Acetabular cup design influences deformational response in total hip arthroplasty.
Meding JB., Small SR., Jones ME., Berend ME., Ritter MA.
BACKGROUND: Press-fit acetabular components are susceptible to deformation in an underreamed socket, with excessive deformation of metal-on-metal (MOM) components potentially leading to increased torsional friction and micromotion. Specifically, however, it remains unclear how cup diameter, design, and time from implantation affect shell deformation. QUESTIONS/PURPOSES: We asked whether (1) changes in component geometry and material altered maximum shell deformation and (2) time-dependent deformational relaxation processes occurred.

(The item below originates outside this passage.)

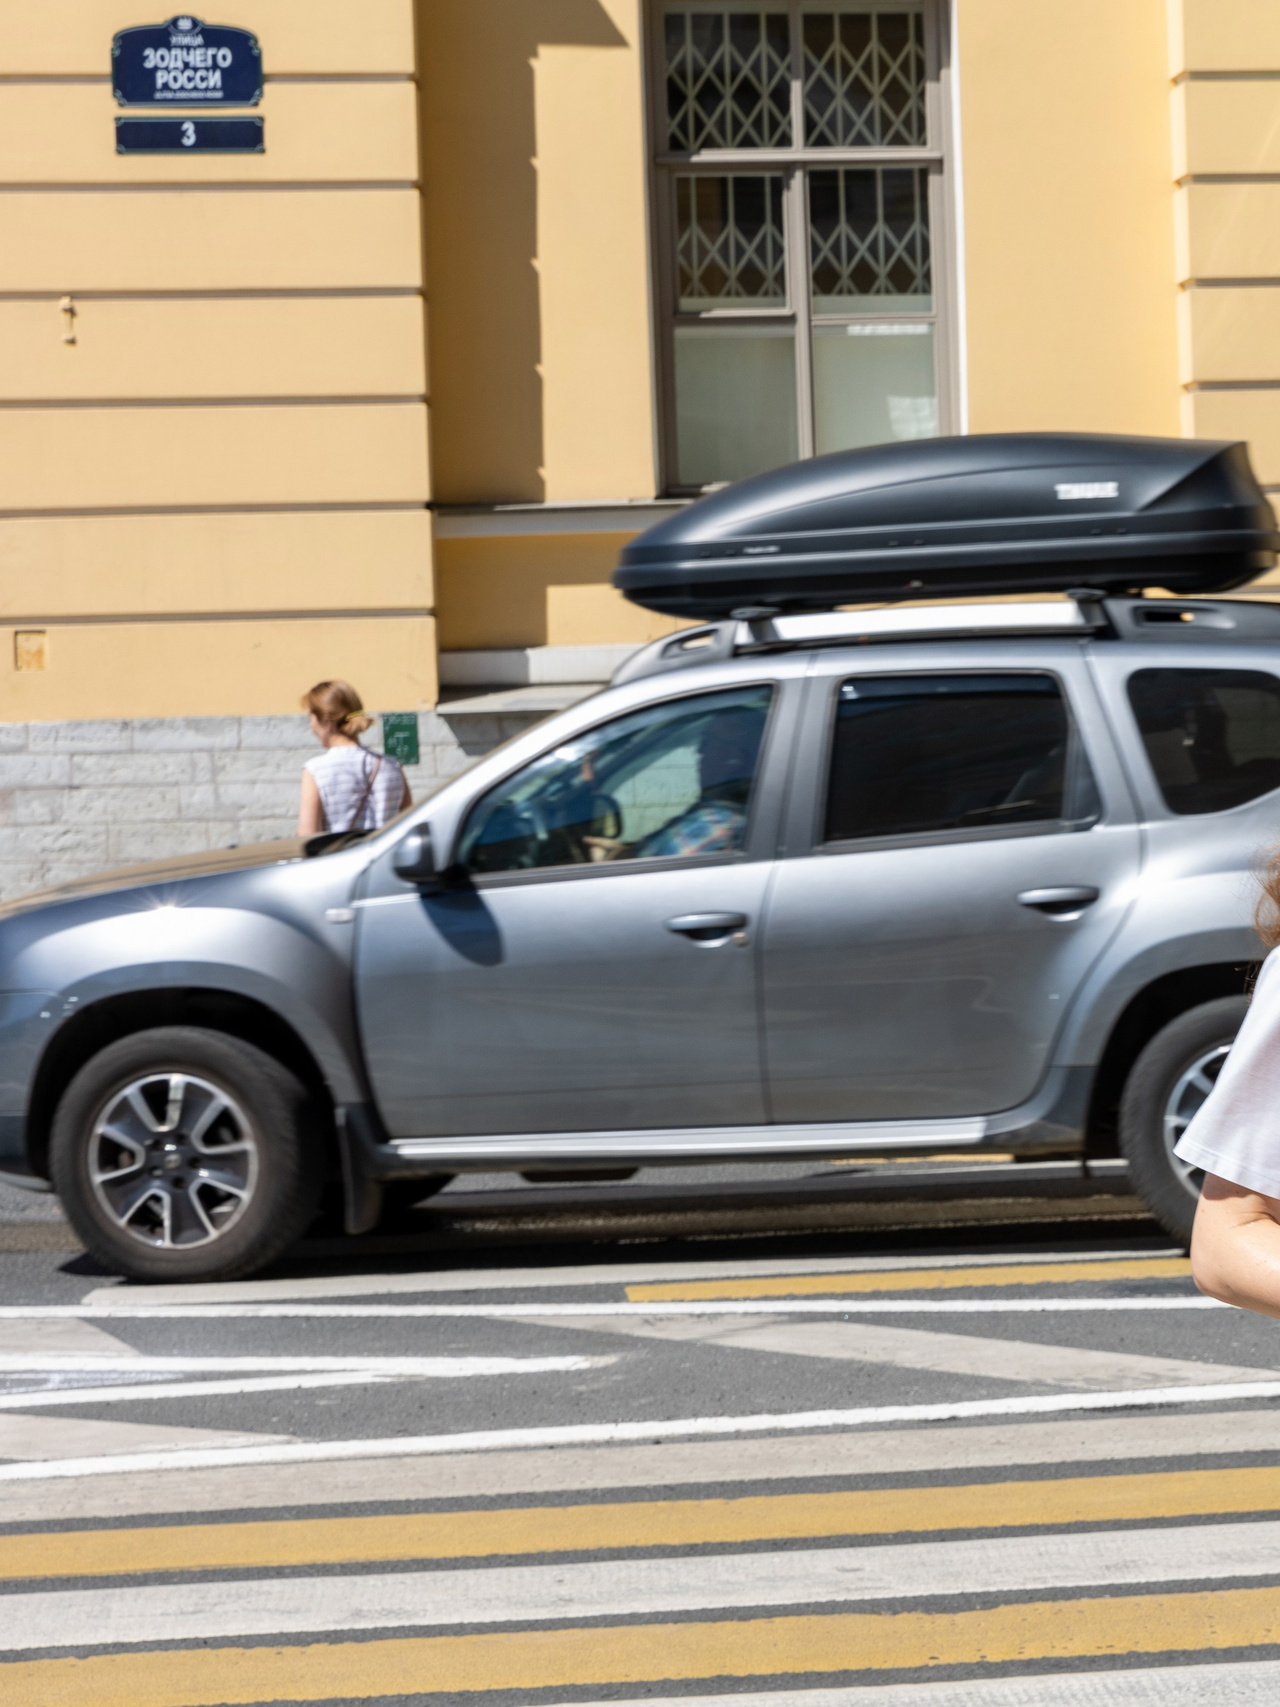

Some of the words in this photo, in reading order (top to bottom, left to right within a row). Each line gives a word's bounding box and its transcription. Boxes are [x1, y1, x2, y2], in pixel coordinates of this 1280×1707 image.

METHODS: Diametral deformation was quantified after press-fit implantation of metal shells into a previously validated polyurethane model. Experimental groups (n = 6-8) consisted of 48-, 54-, 60-, and 66-mm MOM cups of 6-mm wall thickness, 58-mm cups of 10-mm wall thickness, and CoCrMo and Ti6Al4V 58-mm modular cups. RESULTS: Greater cup diameter, thinner wall construction, and Ti6Al4V modular designs generated conditions for maximum shell deformation ranging from 0.047 to 0.267 mm. Relaxation (18%-32%) was observed 120 hours postimplantation in thin-walled and modular designs. CONCLUSIONS: Our findings demonstrate a reduction of shell deformation over time and suggest, under physiologic loading, early component deformation varies with design. CLINICAL RELEVANCE: Component deformation should be a design consideration regardless of bearing surface. Designs neglecting to adequately address deformational changes in vivo could be susceptible to diminished cup survival, increased wear, and premature revision.